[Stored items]
▬▬▬▬▬▬▬▬▬▬

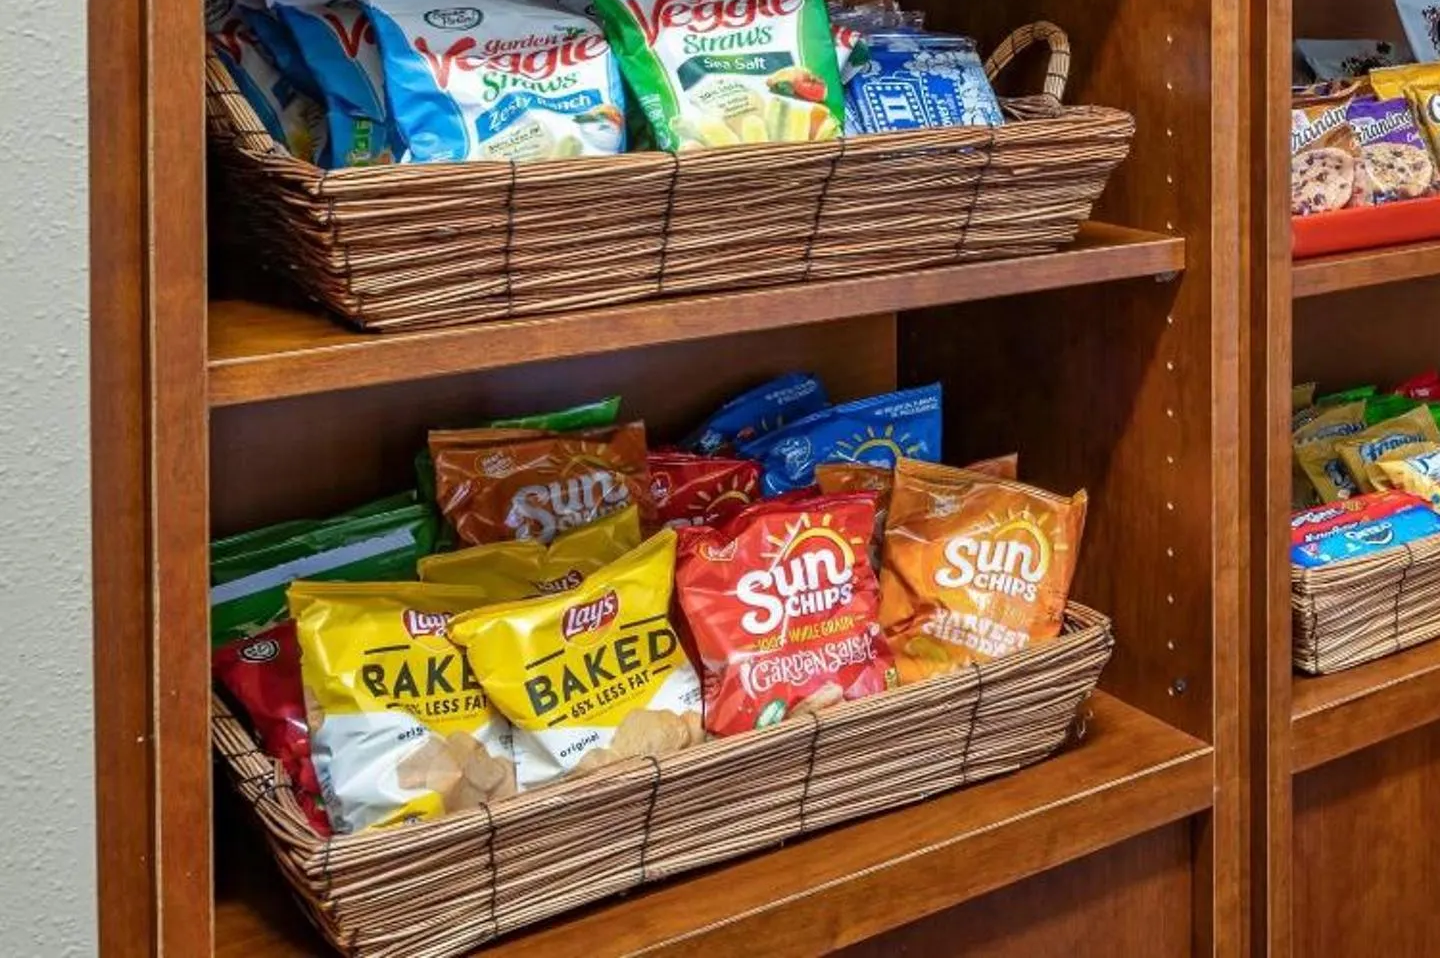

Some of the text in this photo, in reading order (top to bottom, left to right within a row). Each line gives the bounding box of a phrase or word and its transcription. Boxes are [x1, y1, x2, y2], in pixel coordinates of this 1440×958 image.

[484, 34, 552, 54] Garden
[683, 24, 773, 56] Straws
[414, 31, 609, 90] Veggie
[703, 55, 766, 70] Sea Salt
[482, 70, 578, 103] Straws
[488, 94, 532, 130] Zesty
[506, 469, 630, 545] Sun
[935, 536, 1044, 589] Sun
[737, 546, 851, 634] Sun
[785, 583, 854, 619] CHIPS
[973, 574, 1039, 603] CHIPS
[566, 592, 616, 634] Lay's
[362, 653, 480, 698] BAKE
[524, 629, 678, 717] BAKED
[426, 698, 460, 716] LESS
[570, 670, 651, 717] 65% LESS FAT
[560, 731, 601, 758] original
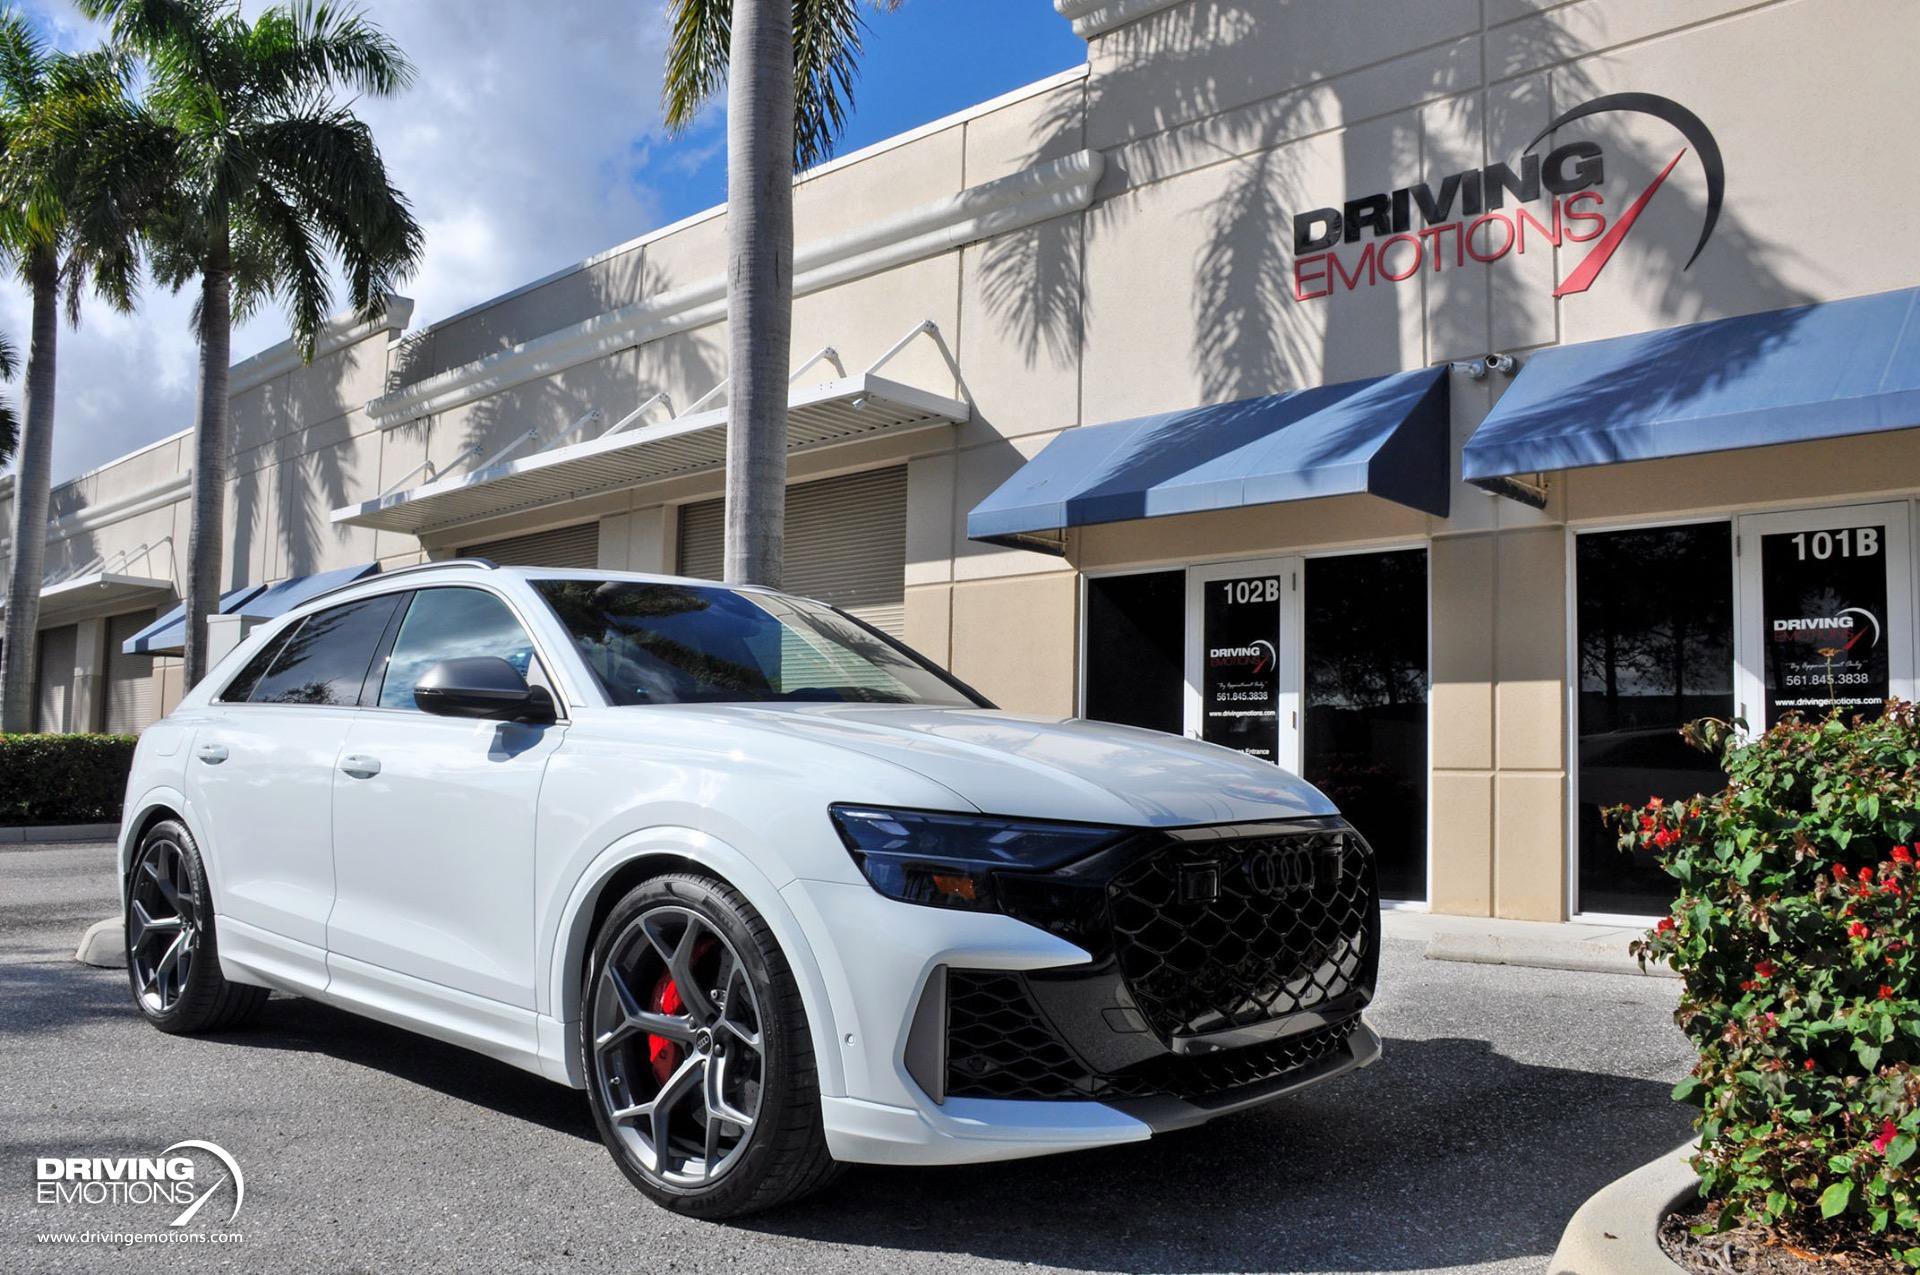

▬▬▬▬▬▬▬▬▬▬

:: TASK ::
Print each of the records above exactly as written, leaving no picture in the copy.

:: EXERCISE RESPONSE ::
Some of the text in this photo, in reading order (top to bottom, left to right within a row). Each line gives the bounding box of a phrase or word and its transcription. Boxes are [x1, y1, x2, y2], in pixel coordinates of this 1440×958 image.

[484, 34, 552, 54] Garden
[683, 24, 773, 56] Straws
[414, 31, 609, 90] Veggie
[703, 55, 766, 70] Sea Salt
[482, 70, 578, 103] Straws
[488, 94, 532, 130] Zesty
[506, 469, 630, 545] Sun
[935, 536, 1044, 589] Sun
[737, 546, 851, 634] Sun
[785, 583, 854, 619] CHIPS
[973, 574, 1039, 603] CHIPS
[566, 592, 616, 634] Lay's
[362, 653, 480, 698] BAKE
[524, 629, 678, 717] BAKED
[426, 698, 460, 716] LESS
[570, 670, 651, 717] 65% LESS FAT
[560, 731, 601, 758] original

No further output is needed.